▶ **Records from a data source**
┌──

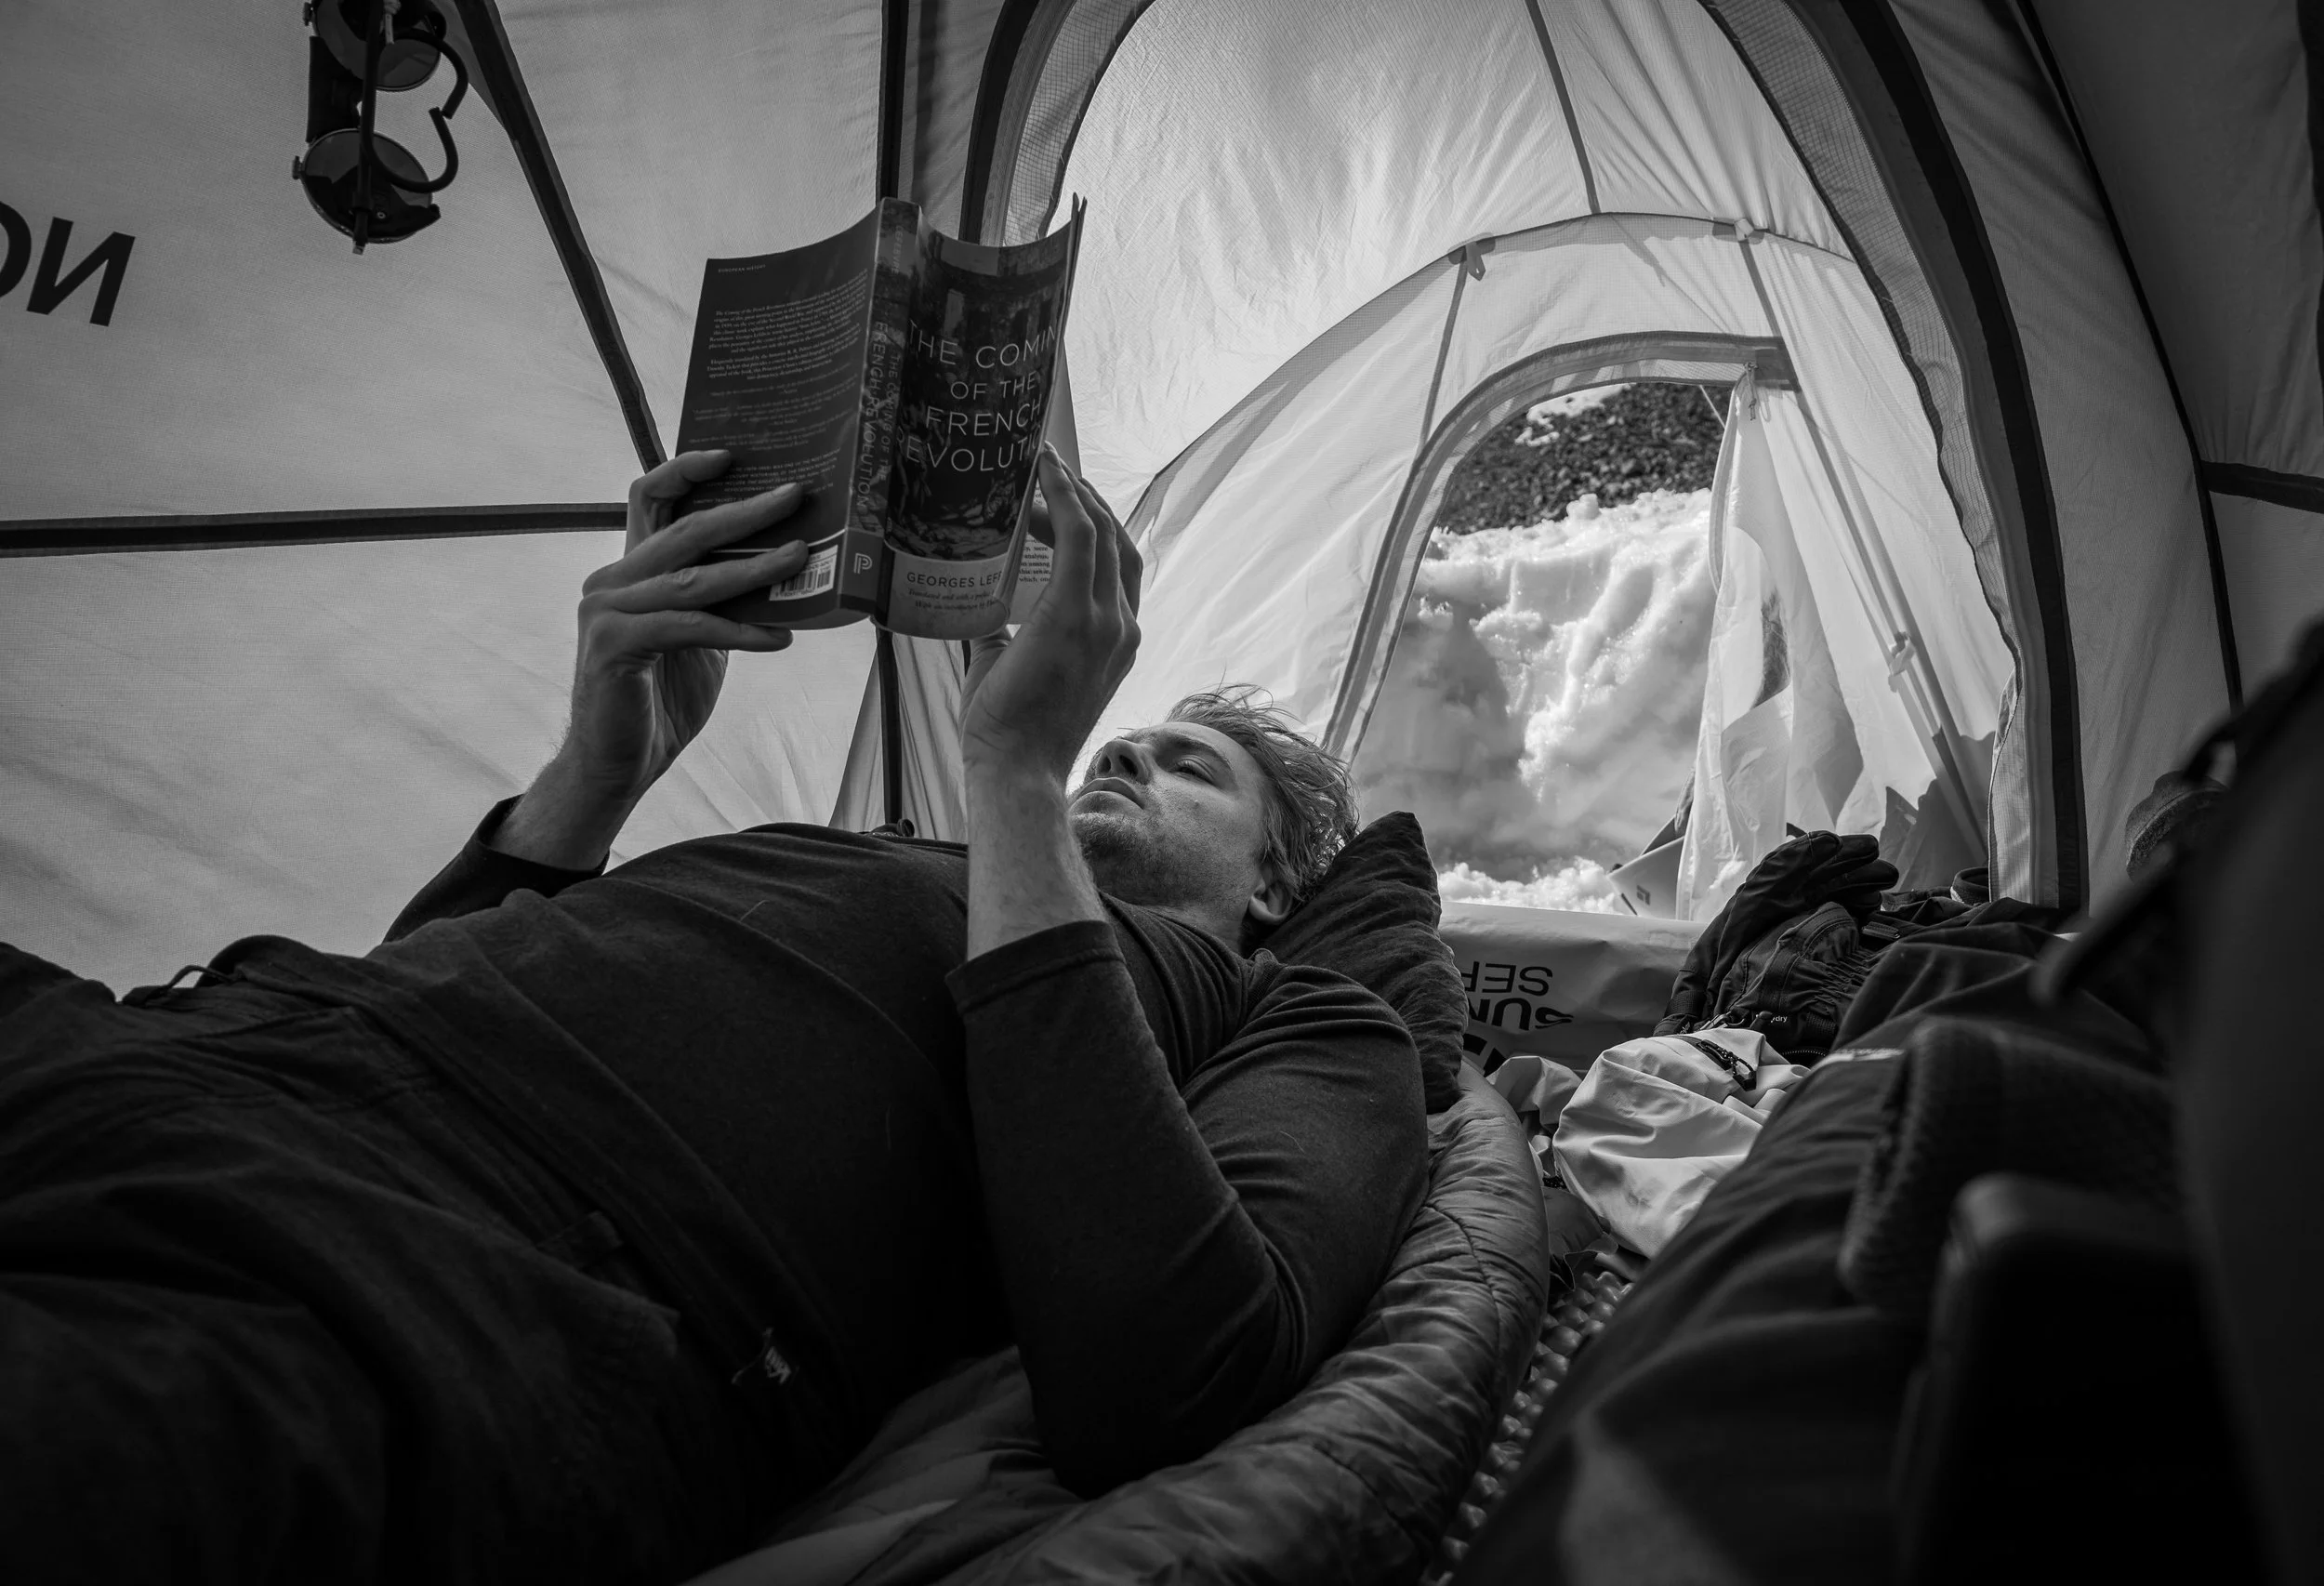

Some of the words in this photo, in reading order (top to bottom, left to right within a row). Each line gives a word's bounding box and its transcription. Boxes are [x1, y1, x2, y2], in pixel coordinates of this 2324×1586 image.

[870, 321, 889, 390] FRENCH
[910, 319, 958, 365] THE
[889, 354, 901, 377] THE
[951, 381, 987, 400] OF
[999, 370, 1037, 399] THE
[882, 382, 896, 430] COMING
[926, 394, 1041, 436] FRENCH
[857, 396, 880, 508] REVOLUTION
[881, 436, 891, 454] OF
[906, 572, 975, 588] GEORGES

└──

▶ **Work request**
All entries need repeating exactly, but without the pictures.

▶ **Solved problem**
Some of the words in this photo, in reading order (top to bottom, left to right within a row). Each line gives a word's bounding box and its transcription. Boxes are [x1, y1, x2, y2], in pixel coordinates of this 2324×1586 image.

[870, 321, 889, 390] FRENCH
[910, 319, 958, 365] THE
[889, 354, 901, 377] THE
[951, 381, 987, 400] OF
[999, 370, 1037, 399] THE
[882, 382, 896, 430] COMING
[926, 394, 1041, 436] FRENCH
[857, 396, 880, 508] REVOLUTION
[881, 436, 891, 454] OF
[906, 572, 975, 588] GEORGES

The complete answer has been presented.